Newspapers seek help to delay AB 5 delivery rules
Newspaper publishers are backing a bill making its way through the California Legislature that will buy the industry more time before the state’s controversial Assembly Bill 5 forces big changes to longstanding delivery practices.
AB 5, signed into law by Gov. Gavin Newsom in 2019, is upending the gig economy, forcing companies to recategorize ride-hailing drivers and many independent contractors as employees. The law codifies a 2018 ruling by the state’s Supreme Court that said workers misclassified as independent contractors lose rights and protections including a minimum wage, workers’ compensation and unemployment compensation.

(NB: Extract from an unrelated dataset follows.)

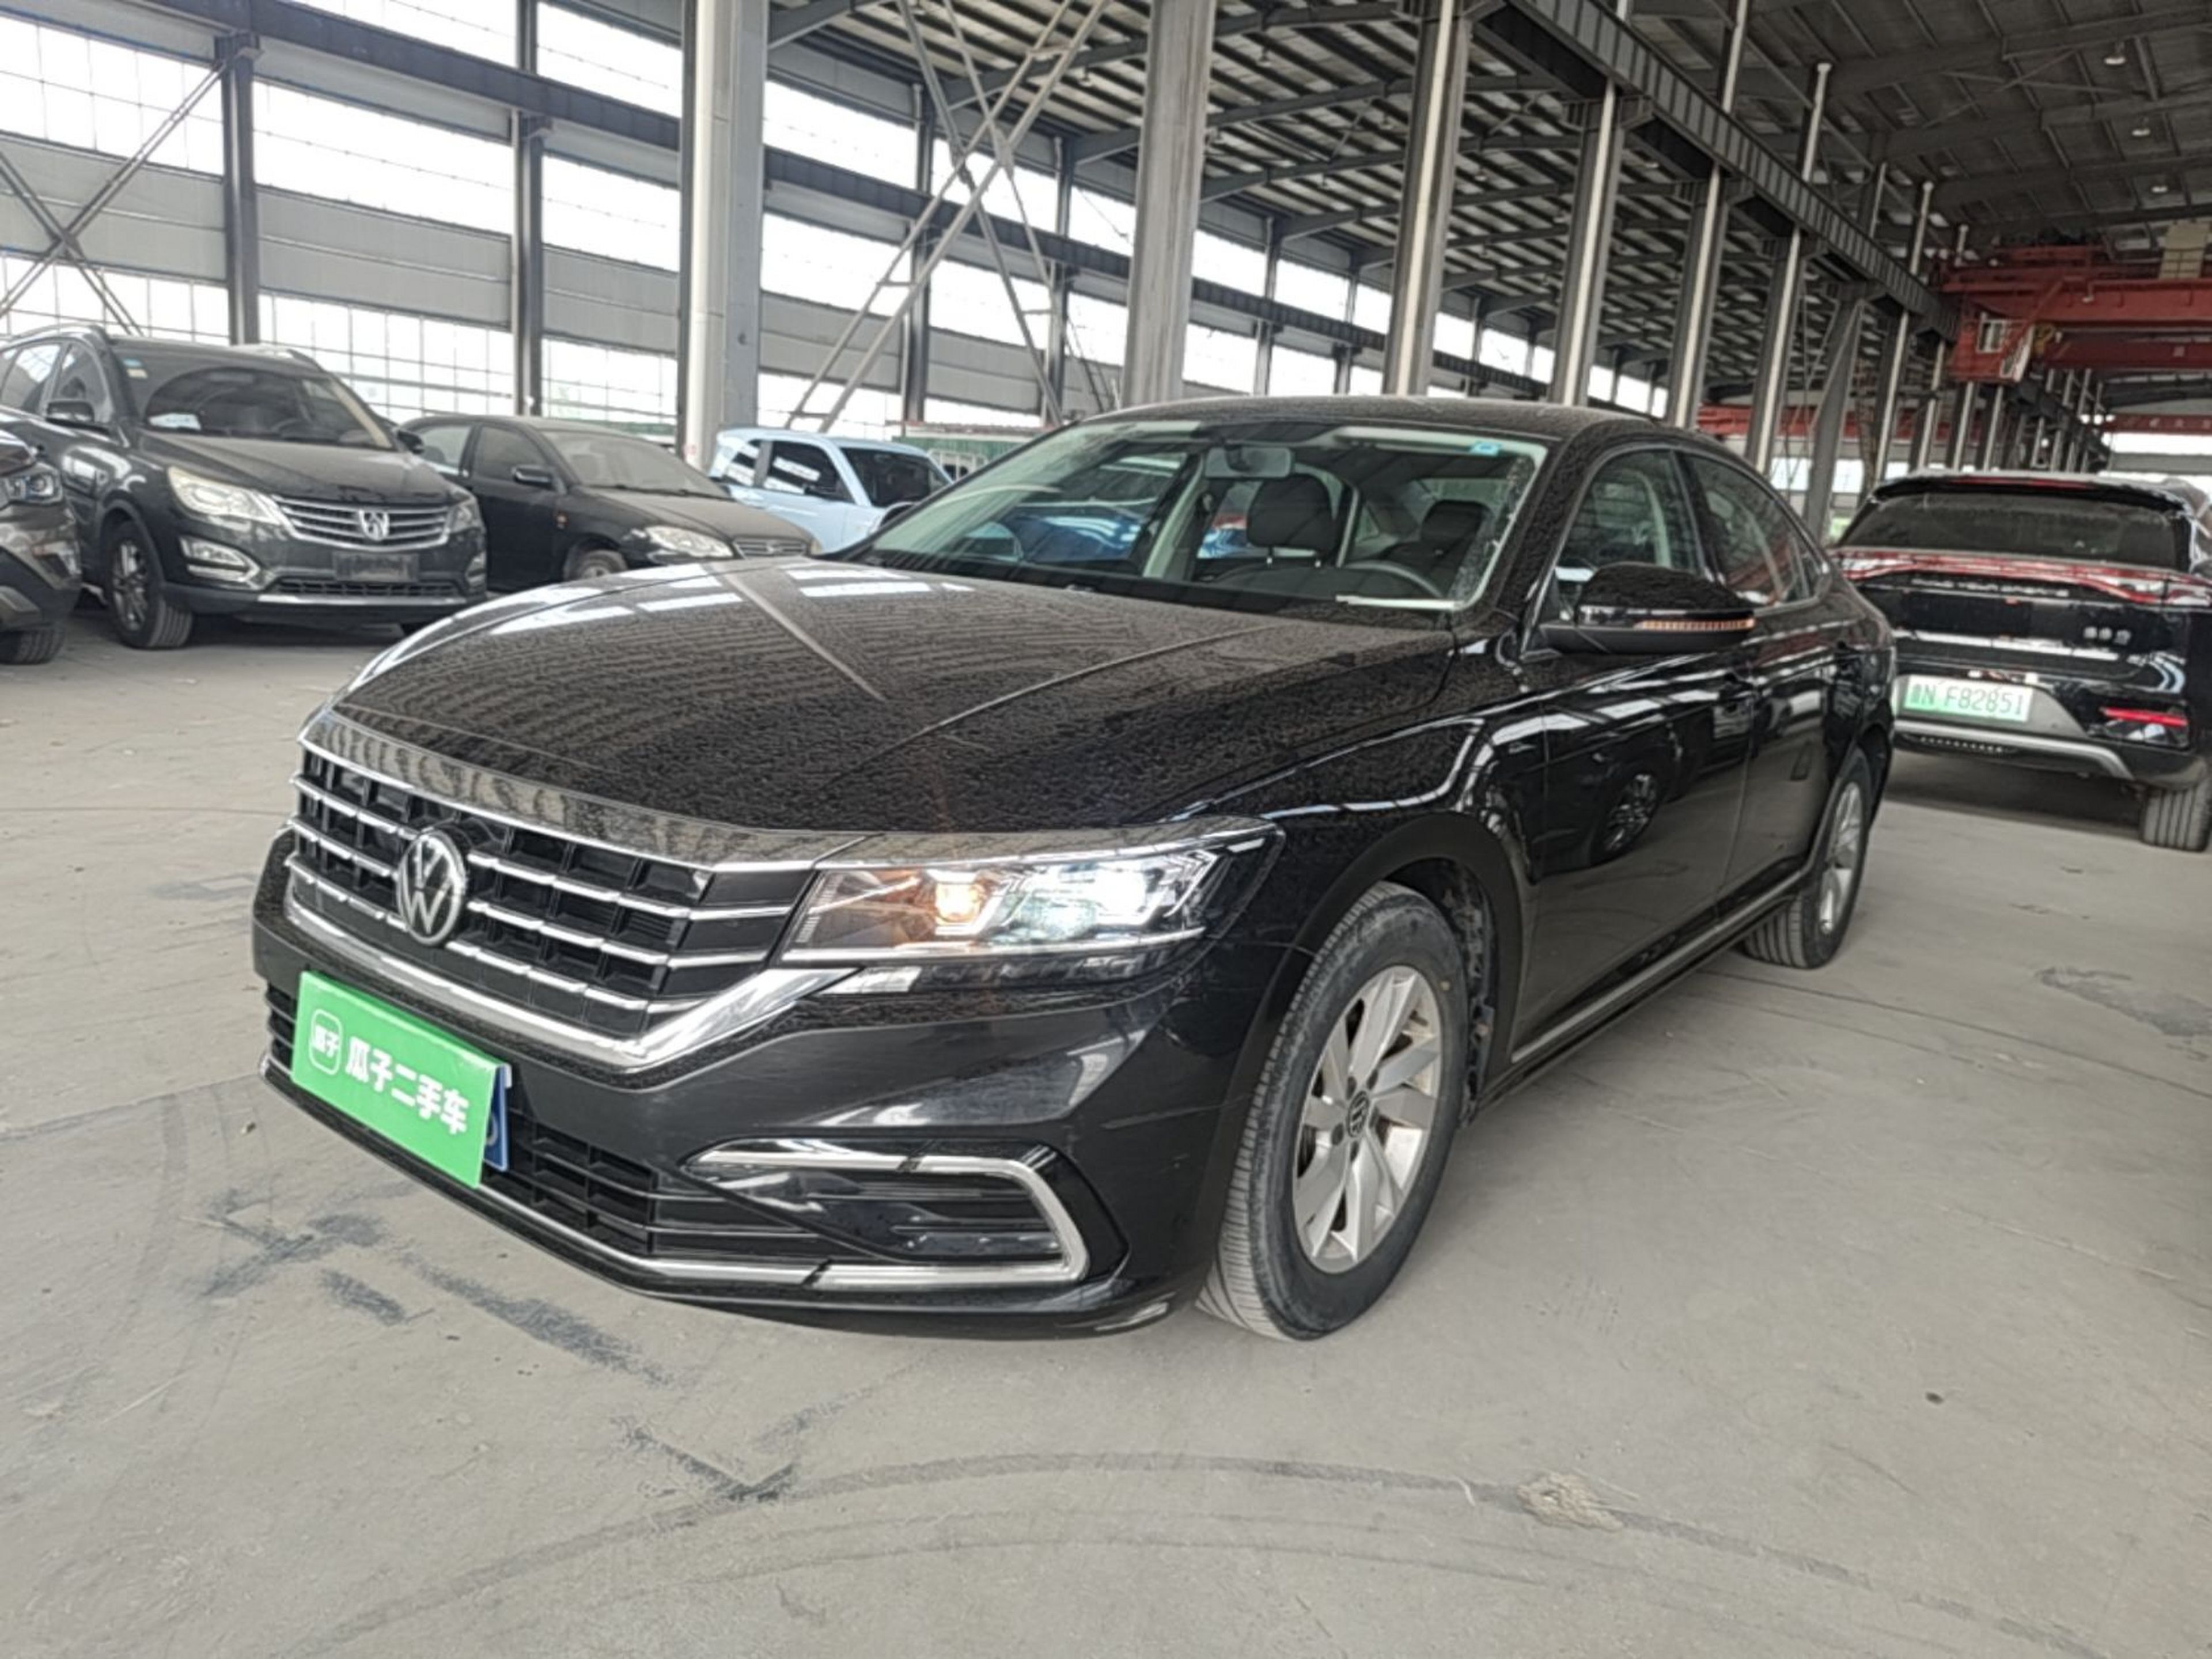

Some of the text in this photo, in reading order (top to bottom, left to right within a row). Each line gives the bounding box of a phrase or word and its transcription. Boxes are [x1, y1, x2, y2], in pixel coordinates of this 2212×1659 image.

Newspaper publishers are hopeful Assembly Bill 323, dubbed the “Save Local Journalism Act,” will become law before the legislative session ends this month, giving the industry two more years to figure out how to meet new workplace standards. If it fails, they contend jobs will be lost and the flow of printed news editions will change.
“Who will get punished?” asks California Newspaper Publishers Association CEO Charles Champion. “The people who are getting the news; the carriers who distribute it; and it will drift into newsrooms, too.”
Delivery at stake
For years, news publishers have used a network of independent contractors to get daily newspapers to doorsteps from printing presses in a relatively quick period. AB 5 will require those drivers, primarily working part-time for third-party vendors, to be considered employees.
Newspapers, withered for years by declining advertising revenue and fierce online competition, lack the financial wherewithal to absorb the costs related to AB 5 mandates. The CNPA estimates the switch would add $80 million annually to distribution expenses.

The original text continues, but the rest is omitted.